'''

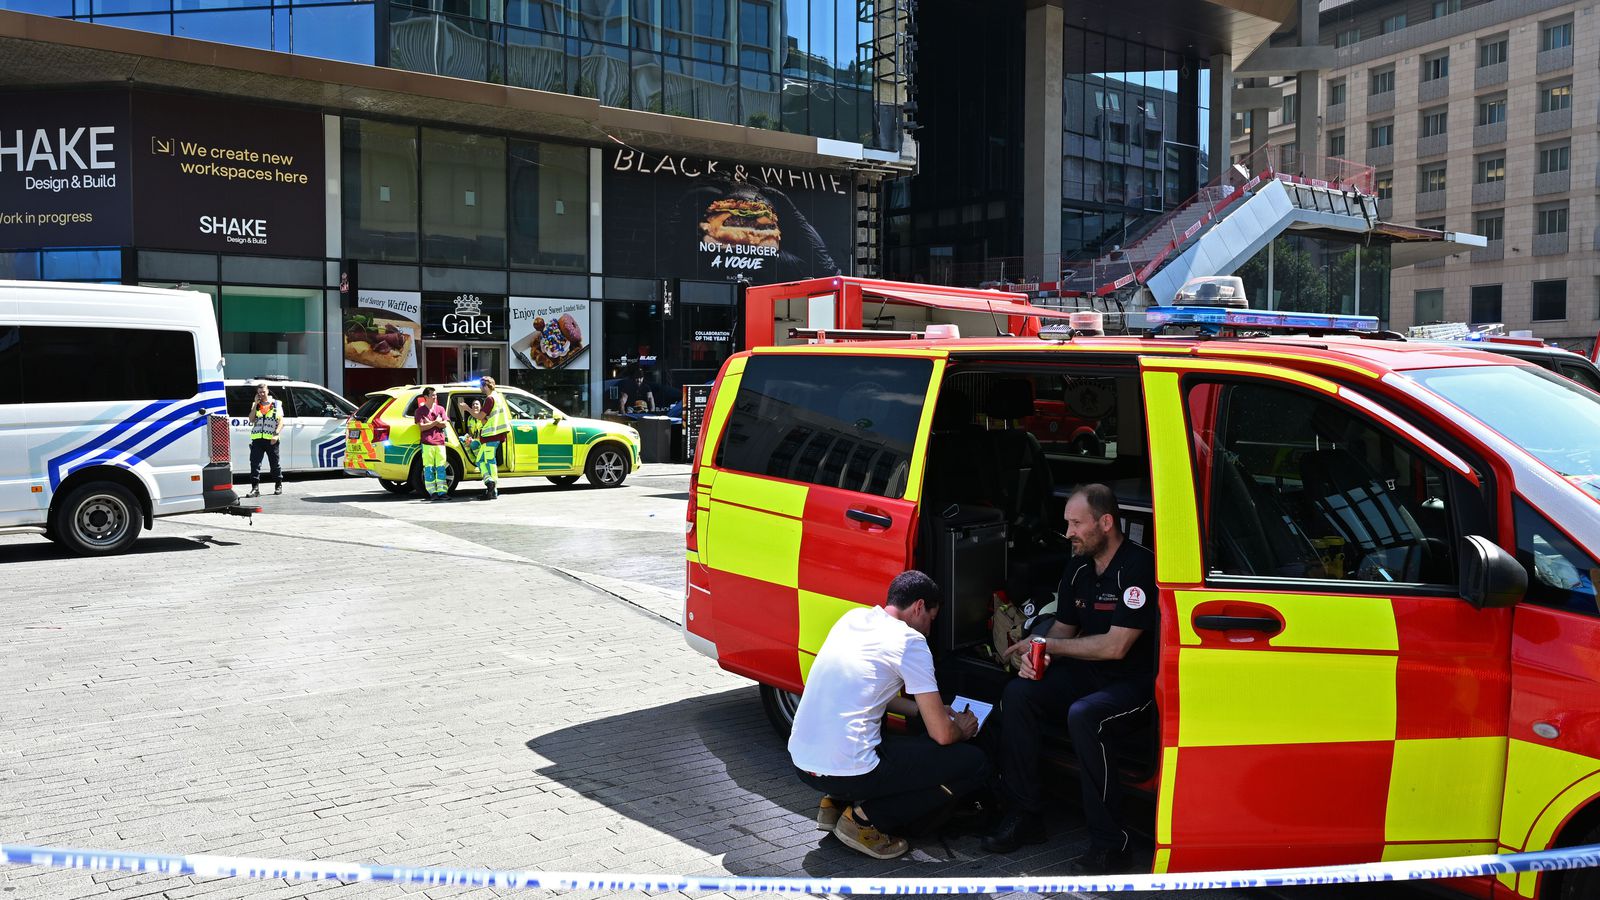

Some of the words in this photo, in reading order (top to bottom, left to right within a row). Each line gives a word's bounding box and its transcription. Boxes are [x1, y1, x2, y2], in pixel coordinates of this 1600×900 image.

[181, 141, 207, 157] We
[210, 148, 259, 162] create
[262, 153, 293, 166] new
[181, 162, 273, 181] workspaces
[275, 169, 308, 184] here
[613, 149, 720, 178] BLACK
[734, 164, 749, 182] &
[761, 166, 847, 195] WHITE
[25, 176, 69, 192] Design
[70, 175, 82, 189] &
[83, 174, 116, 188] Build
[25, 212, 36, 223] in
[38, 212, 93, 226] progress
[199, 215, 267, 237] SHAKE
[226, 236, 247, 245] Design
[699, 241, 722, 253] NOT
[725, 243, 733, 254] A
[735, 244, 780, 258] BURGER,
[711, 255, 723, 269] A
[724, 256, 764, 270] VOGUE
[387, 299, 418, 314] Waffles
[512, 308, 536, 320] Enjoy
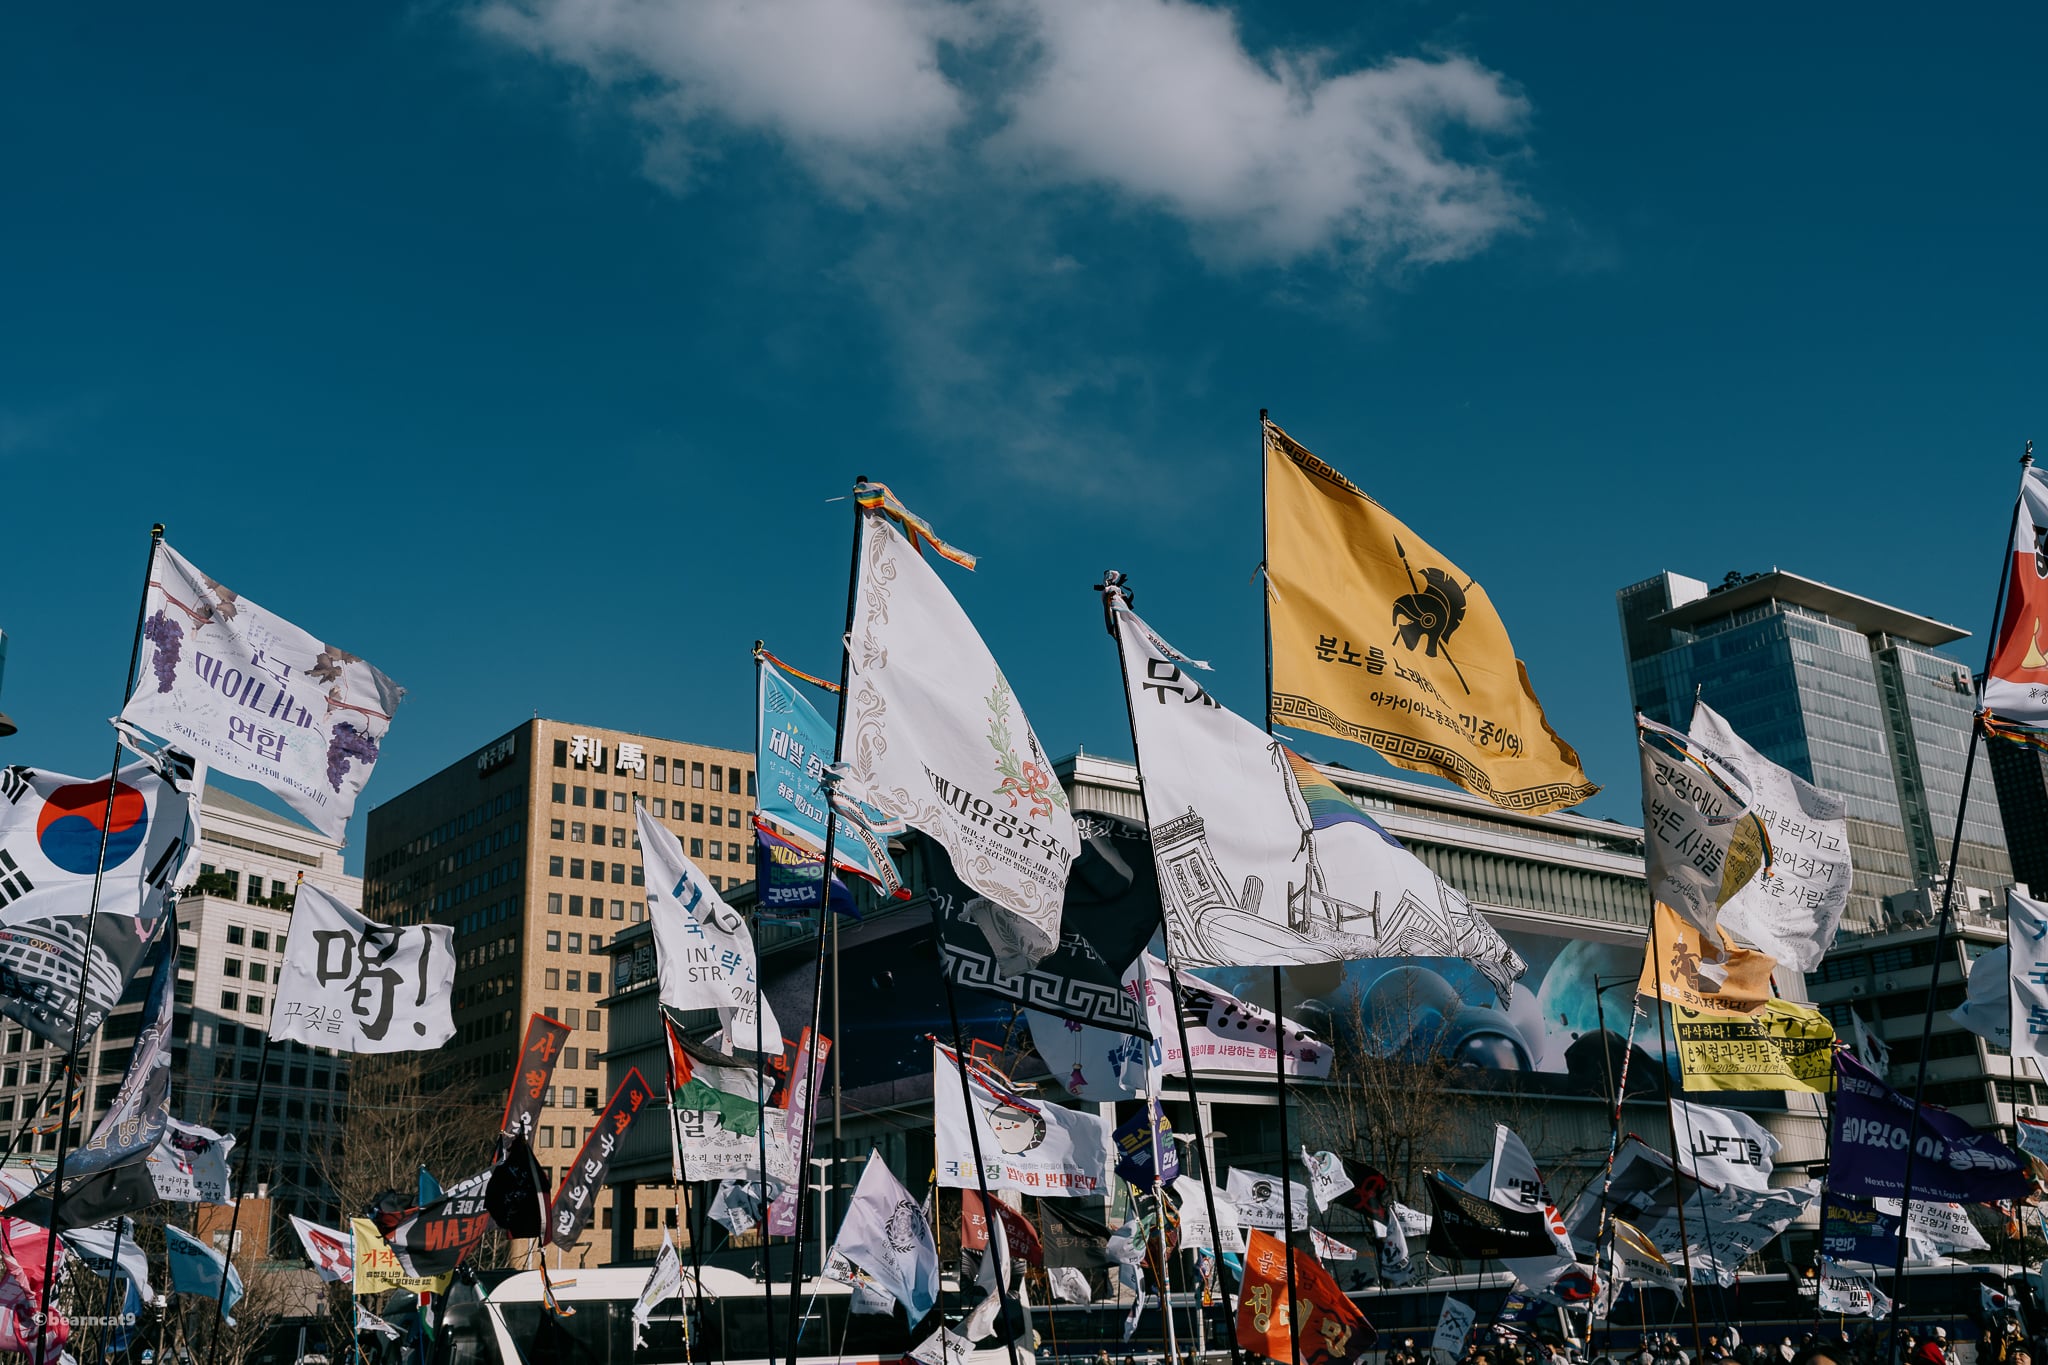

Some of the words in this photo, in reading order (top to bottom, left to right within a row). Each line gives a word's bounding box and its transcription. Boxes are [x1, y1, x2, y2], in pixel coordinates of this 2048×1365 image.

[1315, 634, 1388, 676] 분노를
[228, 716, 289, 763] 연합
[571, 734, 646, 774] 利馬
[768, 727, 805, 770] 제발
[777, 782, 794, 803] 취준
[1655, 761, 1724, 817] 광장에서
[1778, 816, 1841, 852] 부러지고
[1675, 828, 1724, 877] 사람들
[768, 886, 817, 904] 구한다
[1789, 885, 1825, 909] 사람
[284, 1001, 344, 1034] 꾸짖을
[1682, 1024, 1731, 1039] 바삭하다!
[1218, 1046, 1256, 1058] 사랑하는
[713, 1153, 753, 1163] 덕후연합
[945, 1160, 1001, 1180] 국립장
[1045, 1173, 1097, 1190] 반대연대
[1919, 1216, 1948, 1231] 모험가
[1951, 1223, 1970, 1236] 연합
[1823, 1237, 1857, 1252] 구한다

'''

- [What is required]
Although the records contain pictures, only the text should be copied, exactly as it stands.

- [Output of the exercise]
Some of the words in this photo, in reading order (top to bottom, left to right within a row). Each line gives a word's bounding box and its transcription. Boxes are [x1, y1, x2, y2], in pixel coordinates of this 1600×900 image.

[181, 141, 207, 157] We
[210, 148, 259, 162] create
[262, 153, 293, 166] new
[181, 162, 273, 181] workspaces
[275, 169, 308, 184] here
[613, 149, 720, 178] BLACK
[734, 164, 749, 182] &
[761, 166, 847, 195] WHITE
[25, 176, 69, 192] Design
[70, 175, 82, 189] &
[83, 174, 116, 188] Build
[25, 212, 36, 223] in
[38, 212, 93, 226] progress
[199, 215, 267, 237] SHAKE
[226, 236, 247, 245] Design
[699, 241, 722, 253] NOT
[725, 243, 733, 254] A
[735, 244, 780, 258] BURGER,
[711, 255, 723, 269] A
[724, 256, 764, 270] VOGUE
[387, 299, 418, 314] Waffles
[512, 308, 536, 320] Enjoy

Some of the words in this photo, in reading order (top to bottom, left to right within a row). Each line gives a word's bounding box and its transcription. Boxes are [x1, y1, x2, y2], in pixel coordinates of this 2048×1365 image.

[1315, 634, 1388, 676] 분노를
[228, 716, 289, 763] 연합
[571, 734, 646, 774] 利馬
[768, 727, 805, 770] 제발
[777, 782, 794, 803] 취준
[1655, 761, 1724, 817] 광장에서
[1778, 816, 1841, 852] 부러지고
[1675, 828, 1724, 877] 사람들
[768, 886, 817, 904] 구한다
[1789, 885, 1825, 909] 사람
[284, 1001, 344, 1034] 꾸짖을
[1682, 1024, 1731, 1039] 바삭하다!
[1218, 1046, 1256, 1058] 사랑하는
[713, 1153, 753, 1163] 덕후연합
[945, 1160, 1001, 1180] 국립장
[1045, 1173, 1097, 1190] 반대연대
[1919, 1216, 1948, 1231] 모험가
[1951, 1223, 1970, 1236] 연합
[1823, 1237, 1857, 1252] 구한다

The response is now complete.